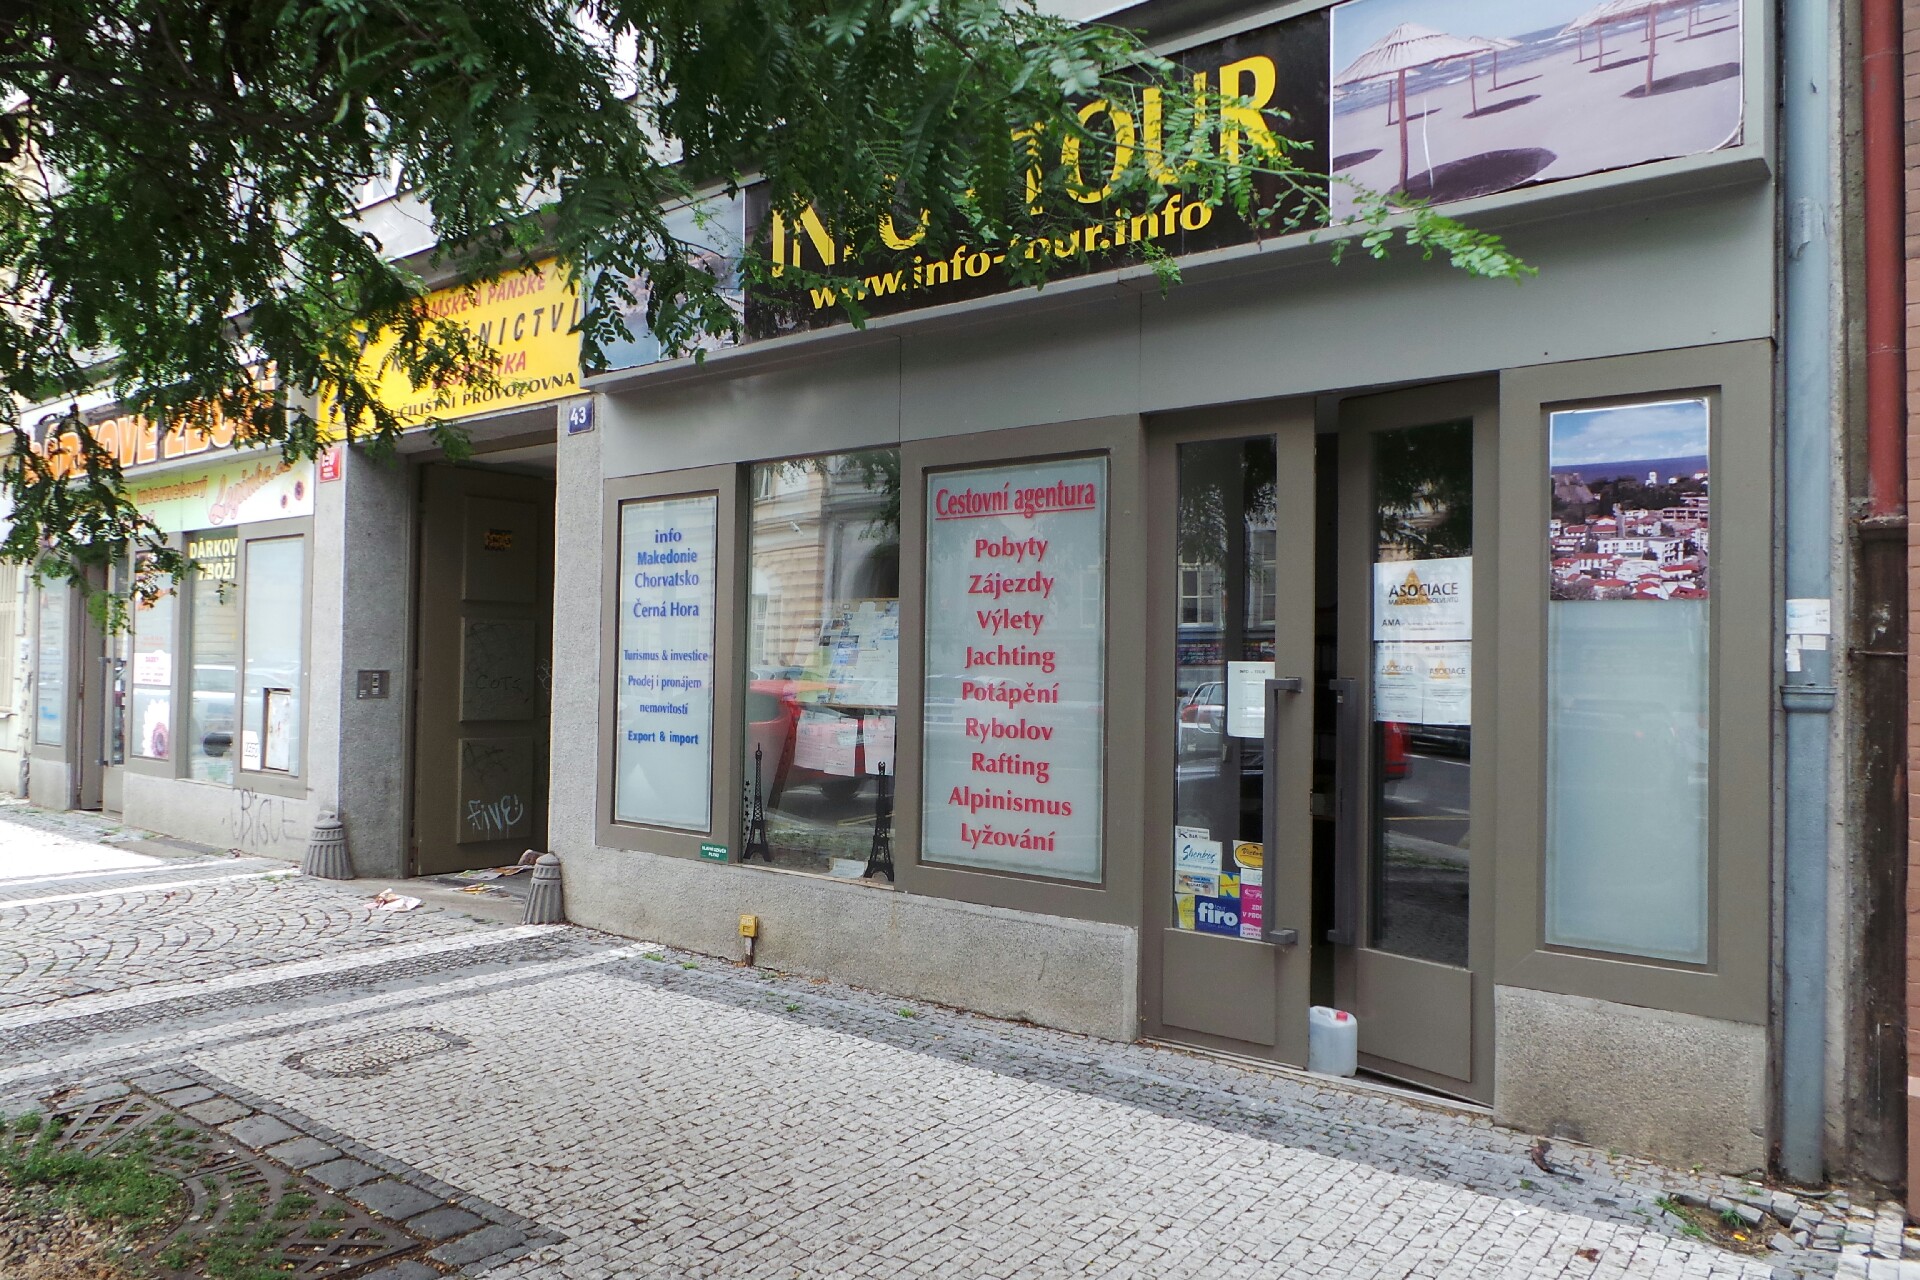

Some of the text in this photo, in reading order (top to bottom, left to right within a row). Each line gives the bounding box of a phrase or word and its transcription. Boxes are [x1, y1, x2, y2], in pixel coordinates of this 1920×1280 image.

[570, 408, 587, 425] 43
[936, 480, 1096, 518] Cestovní agentura
[655, 528, 682, 543] info
[190, 537, 238, 559] DÁRKOV
[637, 548, 698, 565] Makedonie
[975, 536, 1048, 563] Pobyty
[634, 570, 699, 588] Chorvatsko
[968, 571, 1054, 599] Zájezdy
[1389, 583, 1459, 597] ASOCIACE
[633, 598, 699, 618] Černá Hora
[976, 608, 1044, 636] Výlety
[1382, 619, 1400, 627] AMA
[624, 649, 708, 661] Turismus & investice
[964, 645, 1056, 673] Jachting
[1429, 667, 1466, 675] ASOCIACE
[628, 675, 654, 689] Prodej
[661, 676, 702, 691] pronájem
[962, 681, 1059, 709] Potápění
[639, 703, 688, 715] nemovitostí
[628, 730, 699, 745] Export & import
[965, 717, 1054, 743] Rybolov
[971, 752, 1049, 783] Rafting
[948, 786, 1072, 816] Alpinismus
[961, 823, 1056, 852] Lyžování
[1198, 902, 1238, 927] firo
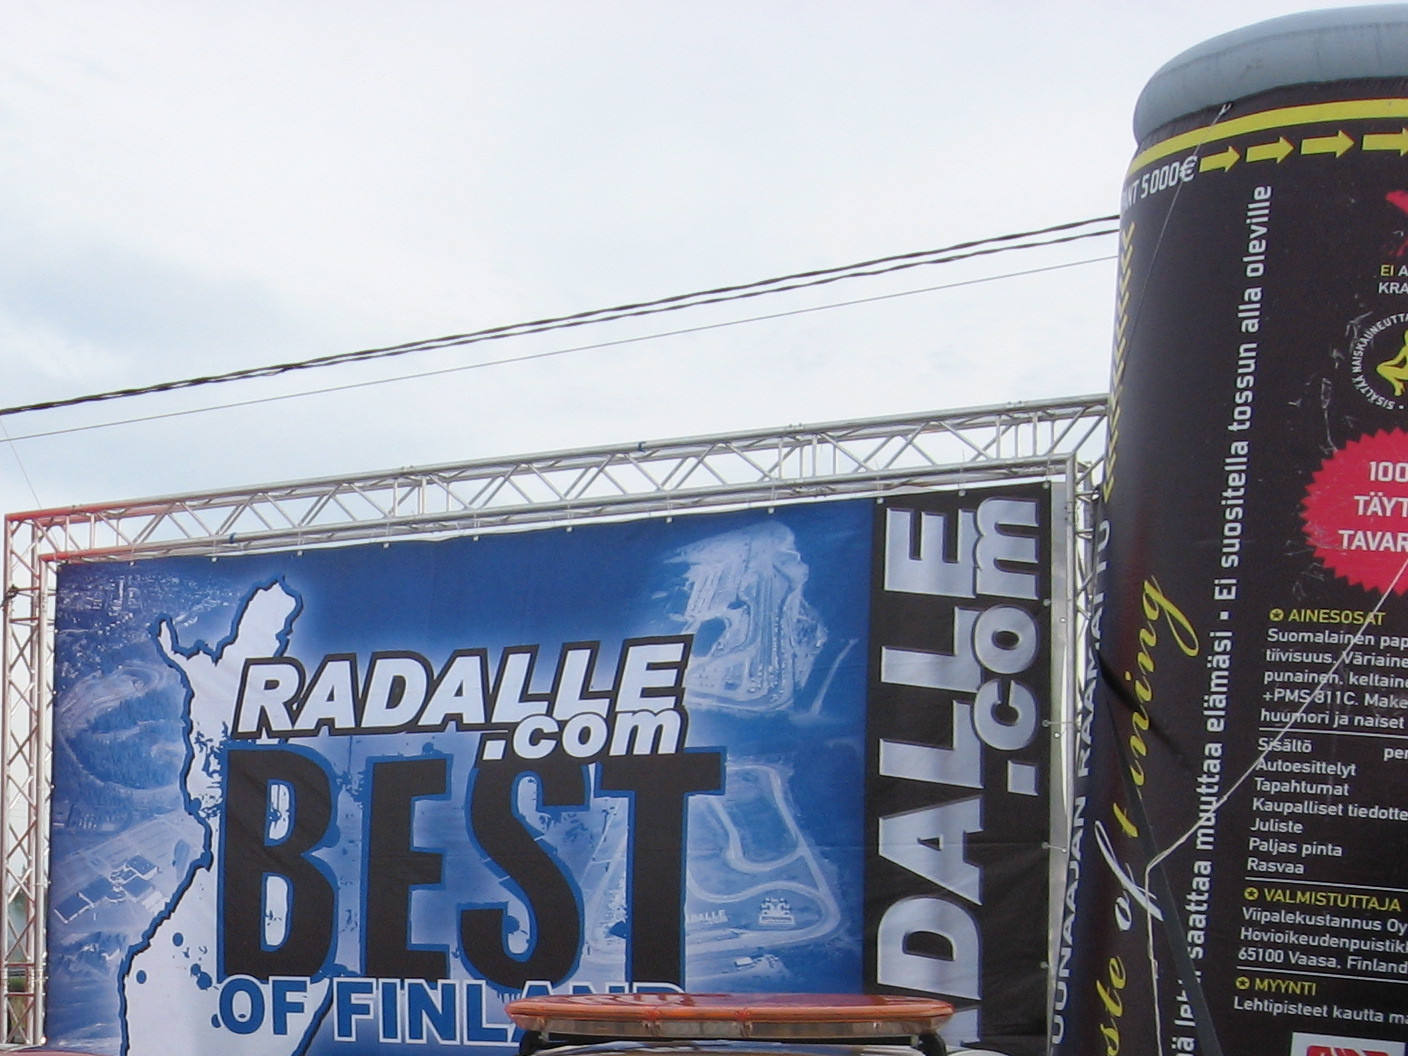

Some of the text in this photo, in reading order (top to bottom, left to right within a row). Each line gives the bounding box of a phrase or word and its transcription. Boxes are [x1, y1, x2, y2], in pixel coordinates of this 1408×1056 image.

[1140, 154, 1199, 199] 5000€
[1380, 264, 1394, 277] EI
[1214, 184, 1272, 602] Ei suositella tossun alla oleville
[1288, 608, 1386, 626] AINESOSAT
[973, 495, 1044, 796] .com
[1267, 627, 1375, 646] Suomalainen
[234, 637, 693, 736] RADALLE
[1203, 630, 1233, 733] elämäsi
[1262, 687, 1312, 703] +PMS
[1112, 574, 1200, 838] tuning
[1260, 707, 1405, 730] huumori ja naiset
[482, 706, 684, 761] .com
[1257, 737, 1313, 753] Sisältö
[877, 506, 984, 1046] DALLE
[1255, 757, 1357, 779] Autoesittelyt
[1195, 742, 1223, 851] muuttaa
[1254, 777, 1350, 796] Tapahtumat
[1252, 797, 1344, 816] Kaupalliset
[1249, 817, 1304, 834] Juliste
[1248, 836, 1343, 858] Paljas pinta
[218, 745, 725, 992] BEST
[1094, 820, 1165, 932] of
[1246, 857, 1305, 875] Rasvaa
[1186, 859, 1212, 960] saattaa
[1263, 887, 1402, 912] VALMISTUTTAJA
[1242, 906, 1408, 937] Viipalekustannus Oy
[1238, 947, 1284, 964] 65100
[1346, 955, 1408, 974] Finland
[1254, 977, 1317, 996] MYYNTI
[218, 976, 686, 1047] OF FINL
[1233, 995, 1329, 1018] Lehtipisteet
[1332, 1004, 1384, 1023] kautta
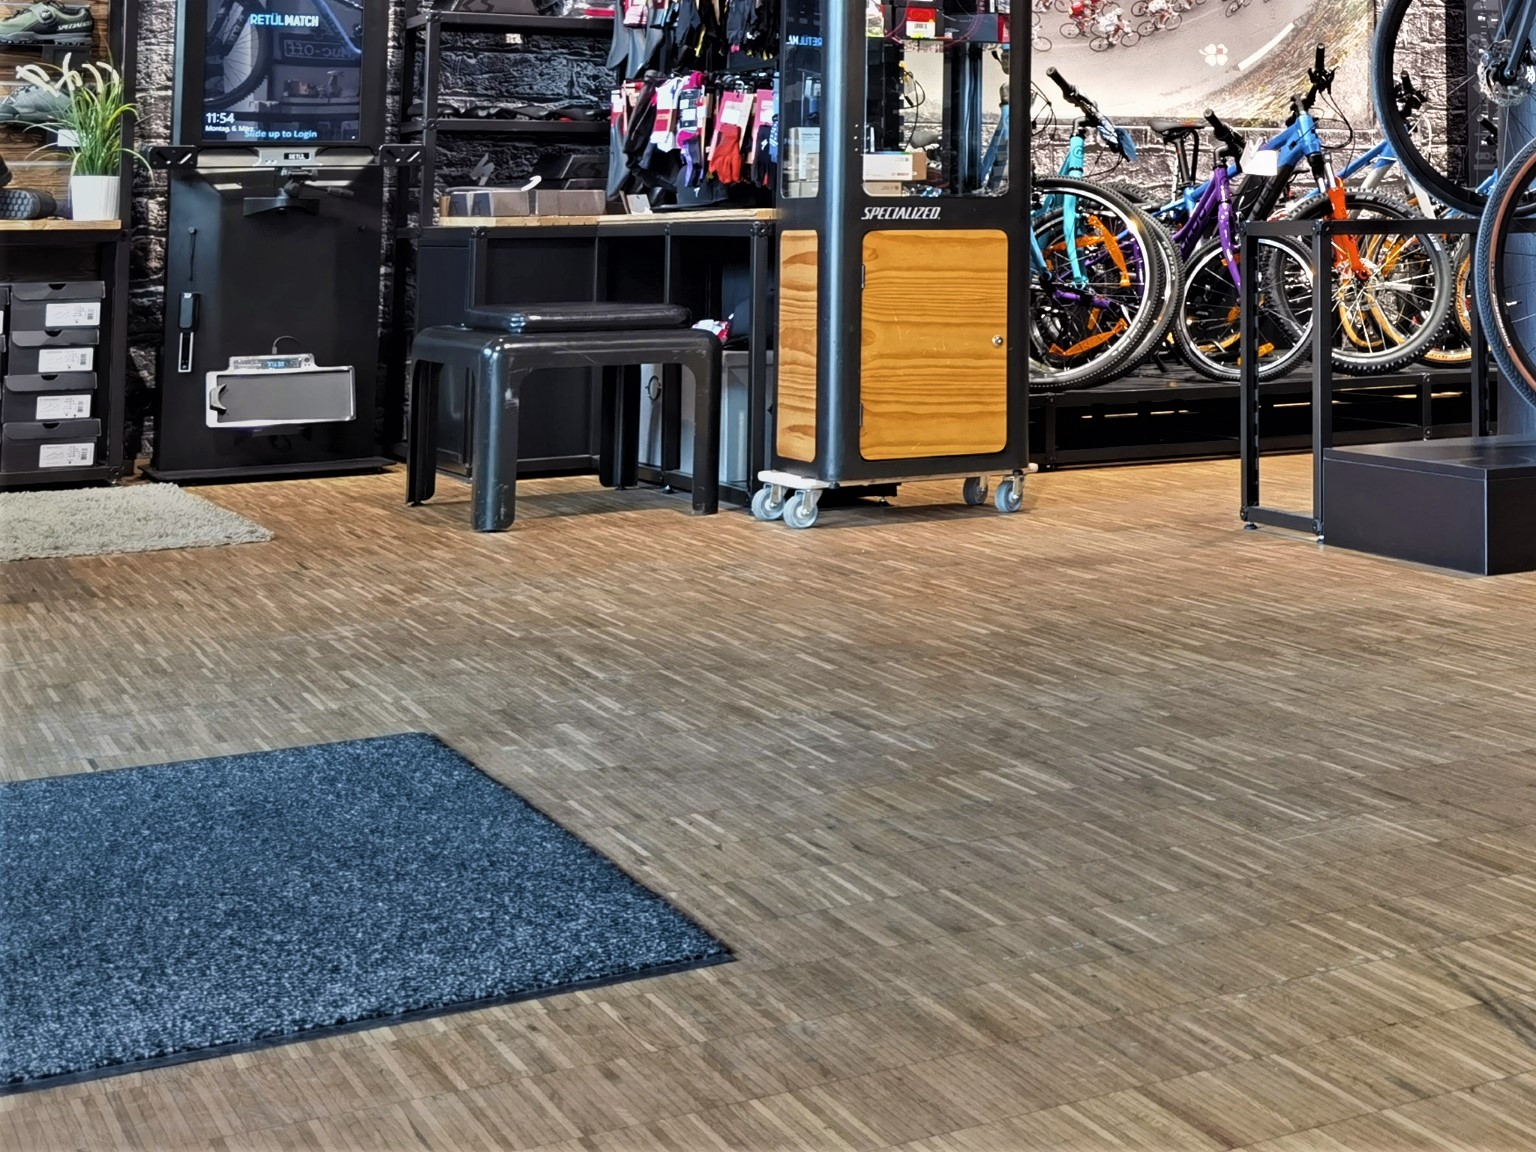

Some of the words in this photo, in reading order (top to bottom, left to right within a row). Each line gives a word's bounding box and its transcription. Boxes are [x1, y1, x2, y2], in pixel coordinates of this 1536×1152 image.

[206, 112, 235, 124] 11:54
[244, 130, 267, 138] Slide
[268, 131, 280, 139] up
[282, 130, 292, 138] to
[293, 130, 318, 139] Login
[861, 206, 941, 220] SPECIALIZED

**WHAT THE EXERCISE ASKS**
No line before the one containing "Some of the words" should be copied; restate that line and all the rest through the end of the data above word for word.

**RESULT OF THE EXERCISE**
Some of the words in this photo, in reading order (top to bottom, left to right within a row). Each line gives a word's bounding box and its transcription. Boxes are [x1, y1, x2, y2], in pixel coordinates of this 1536×1152 image.

[206, 112, 235, 124] 11:54
[244, 130, 267, 138] Slide
[268, 131, 280, 139] up
[282, 130, 292, 138] to
[293, 130, 318, 139] Login
[861, 206, 941, 220] SPECIALIZED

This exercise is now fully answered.